Non-equivalent connection method towards magnanimity distributed data
Technical field
The present invention relates to a kind of non-equivalent connection method, in particular to a kind of non-equivalent towards magnanimity distributed data connects
Connect method.
Background technique
Under cloud computing environment, the explosive growth of data volume brings new challenge to data storage, processing and analysis.
Traditional database and data processing method is unable to satisfy the storage and processing demand of big data, currently, the processing method of mainstream
It is the processing speed that data are improved using the parallel processing technique of MapReduce.In the parallel distributed based on MapReduce
Under model, although fragment, distributed treatment can be carried out to data, due to attended operation, especially non-equivalent attended operation
(Theta-join) the cartesian product result generated will lead to the data volume in network and disk and sharply increase, and cause very big
I/O and disk expense, therefore, treatment effeciency is very low.
Document " Alper Okcan.Processing theta-joins using mapreduce [C]

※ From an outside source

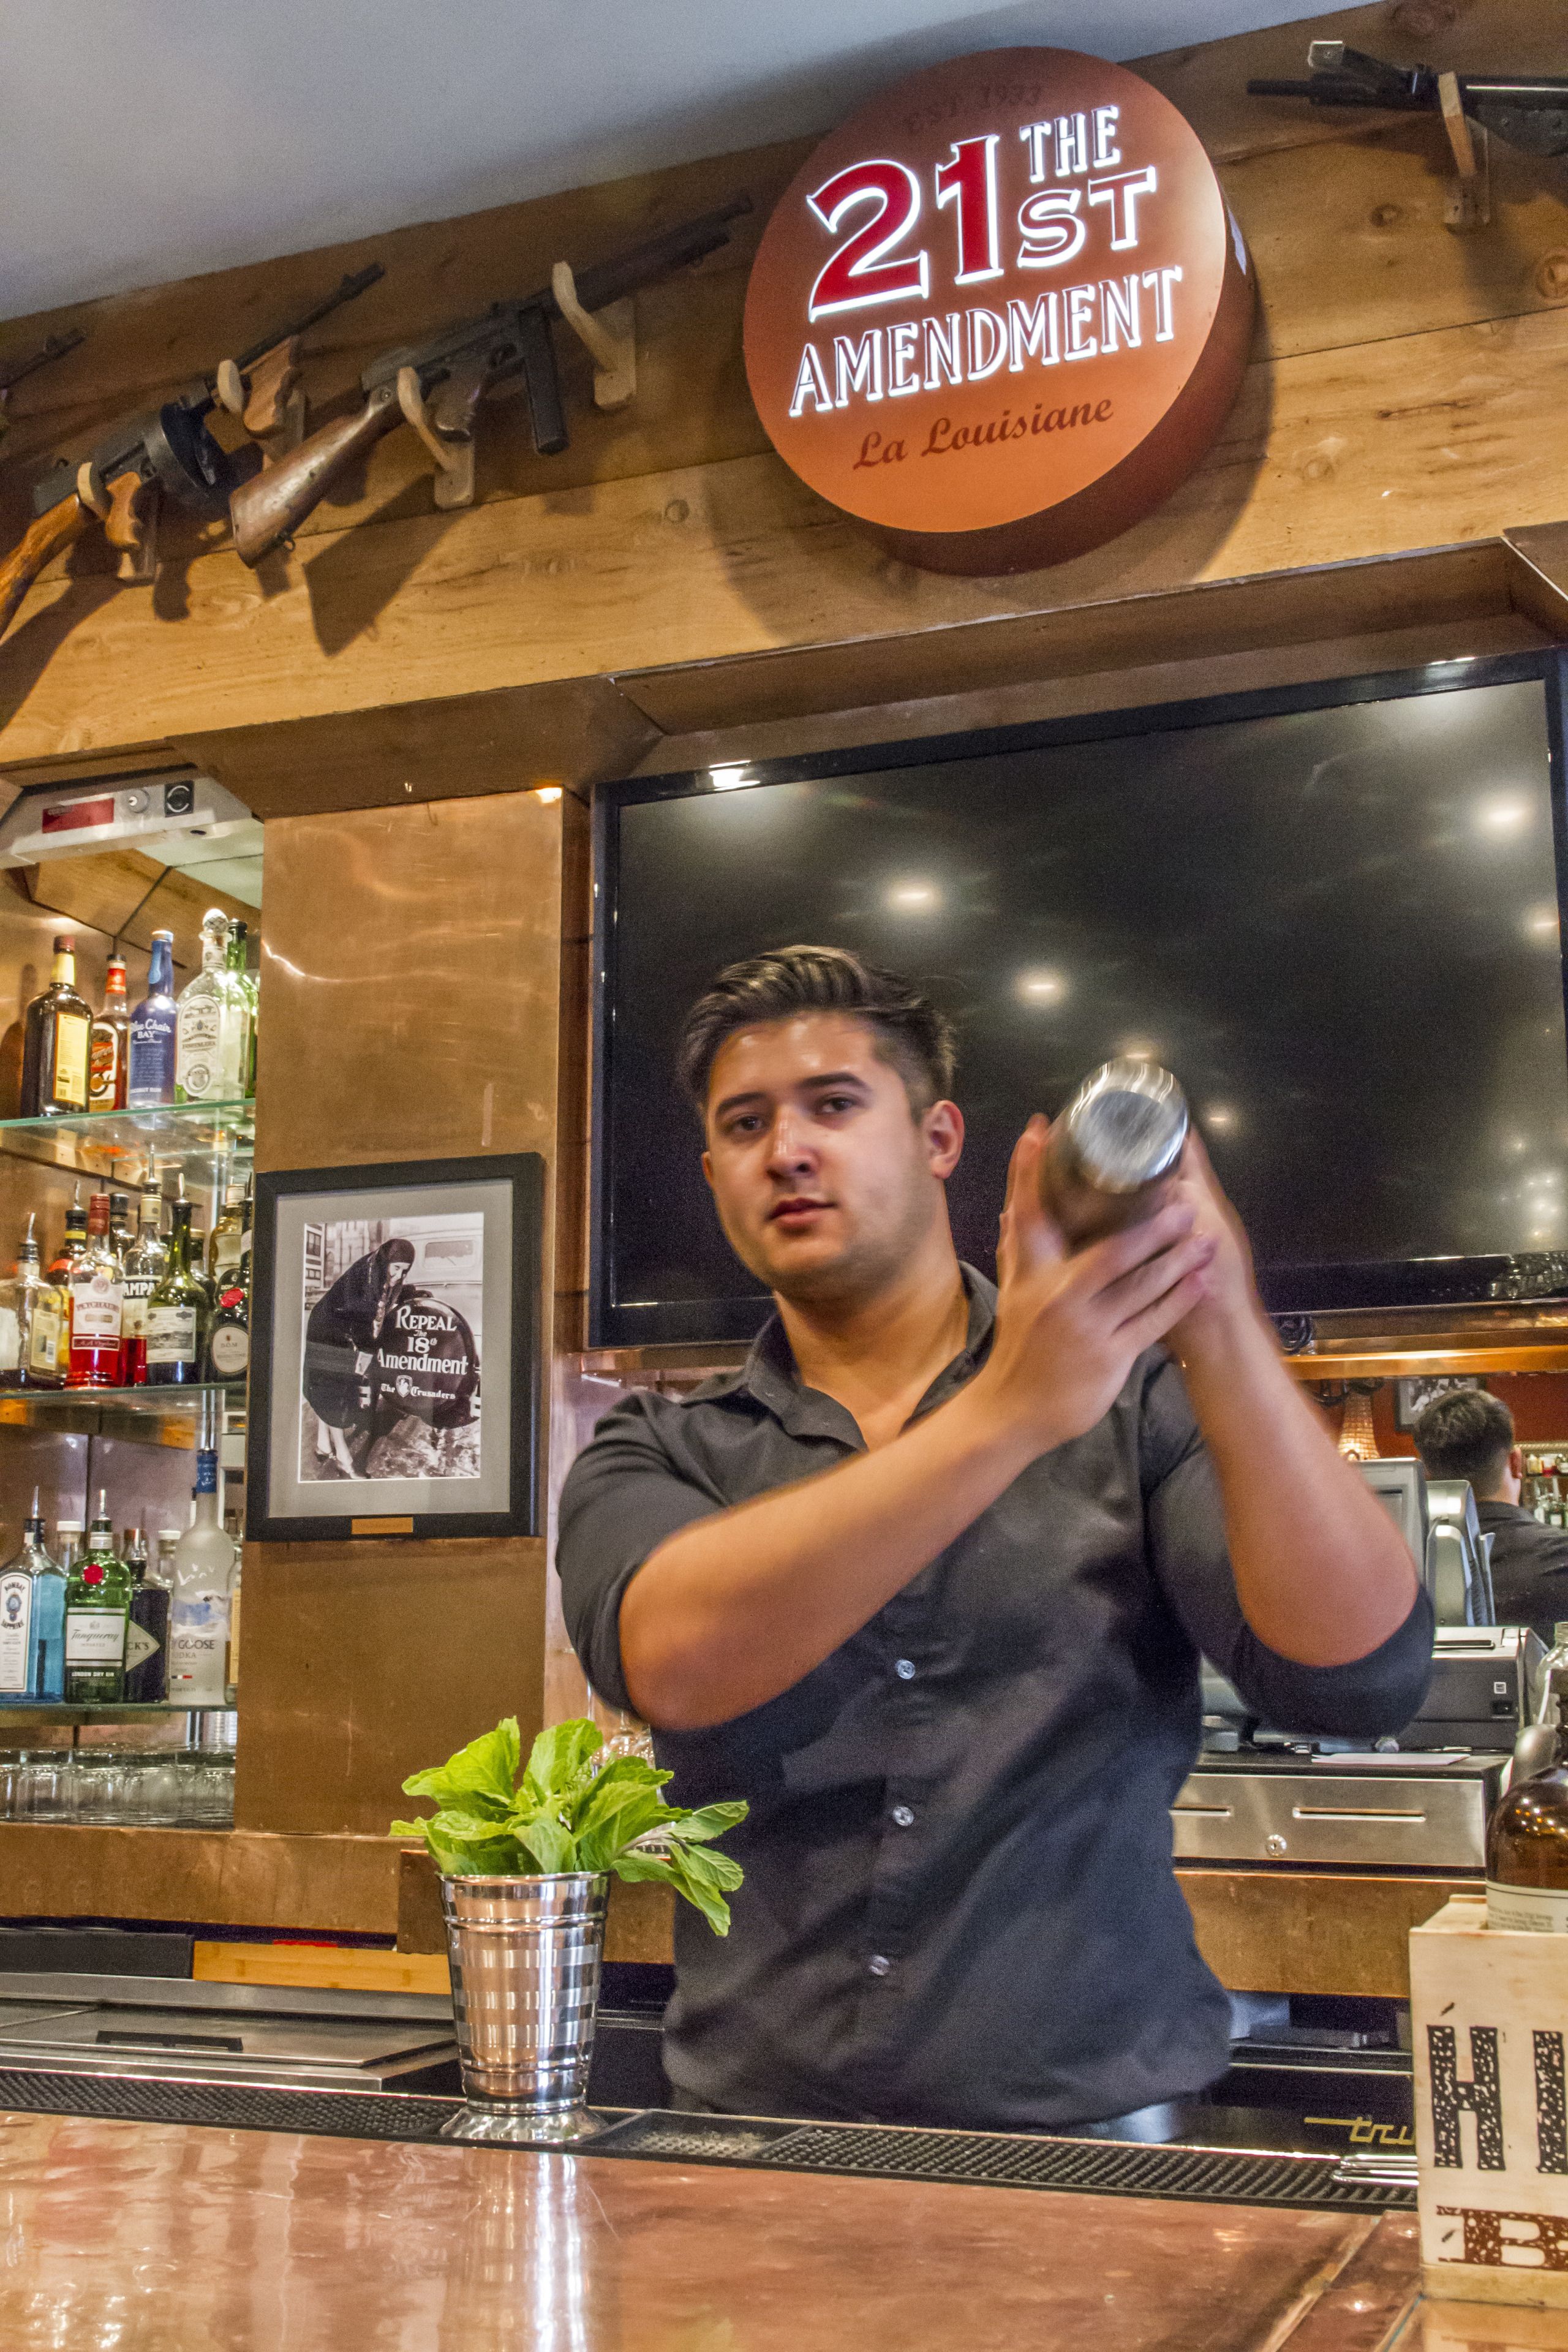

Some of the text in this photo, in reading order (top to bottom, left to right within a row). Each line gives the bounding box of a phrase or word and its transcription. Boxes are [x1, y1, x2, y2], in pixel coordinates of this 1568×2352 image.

.Proceedings of the2011ACM SIGMOD International Conference on Management of
Data, P946-960, ACM, 2011 " disclose it is a kind of two tables are handled under distributed environment non-equivalent connection have efficacious prescriptions
Method, referred to as 1-bucket-theta, this method by connection matrix (join-Matrix) be used as Theta-join link model, two
The cartesian product of table is expressed as connection matrix, and all cells are evenly dispersed to cluster by random algorithm on matrix
In each node in, the workload of each node is of substantially equal.It is all during this method ensure that parallel computation
Load balancing between node improves the treatment effeciency of connection.But since cartesian product is the complete or collected works of join algorithm, for
For non-equivalent connection, and not all cell can all generate the final result of output, therefore for selectivity
(selectivity) for small inquiry, which will have a large amount of node and carry out non-productive work, not generate output knot
Fruit, therefore efficiency is very low.
Summary of the invention
In order to overcome the shortcomings of that existing non-equivalent connection method low efficiency, the present invention provide one kind towards magnanimity distribution number
According to non-equivalent connection method.For this method before carrying out the non-equivalent connection of two tables, it is suitable to be selected first according to condition of contact
Filtering rule, the maximum value and minimum value of two table linkage fields are then calculated, according to maximum value and minimum value in two tables
All records are scanned, and the record unrelated with output result is filtered, and only carry out Descartes to filtered data
Long-pending calculating finally carries out secondary comparison according to result of the condition of contact to cartesian product, filters out the note for meeting condition of contact
Record.This method can filter out the record for not meeting condition of contact largely, can be effectively reduced before doing cartesian product
The workload of Reducer improves the search efficiency of non-equivalent connection.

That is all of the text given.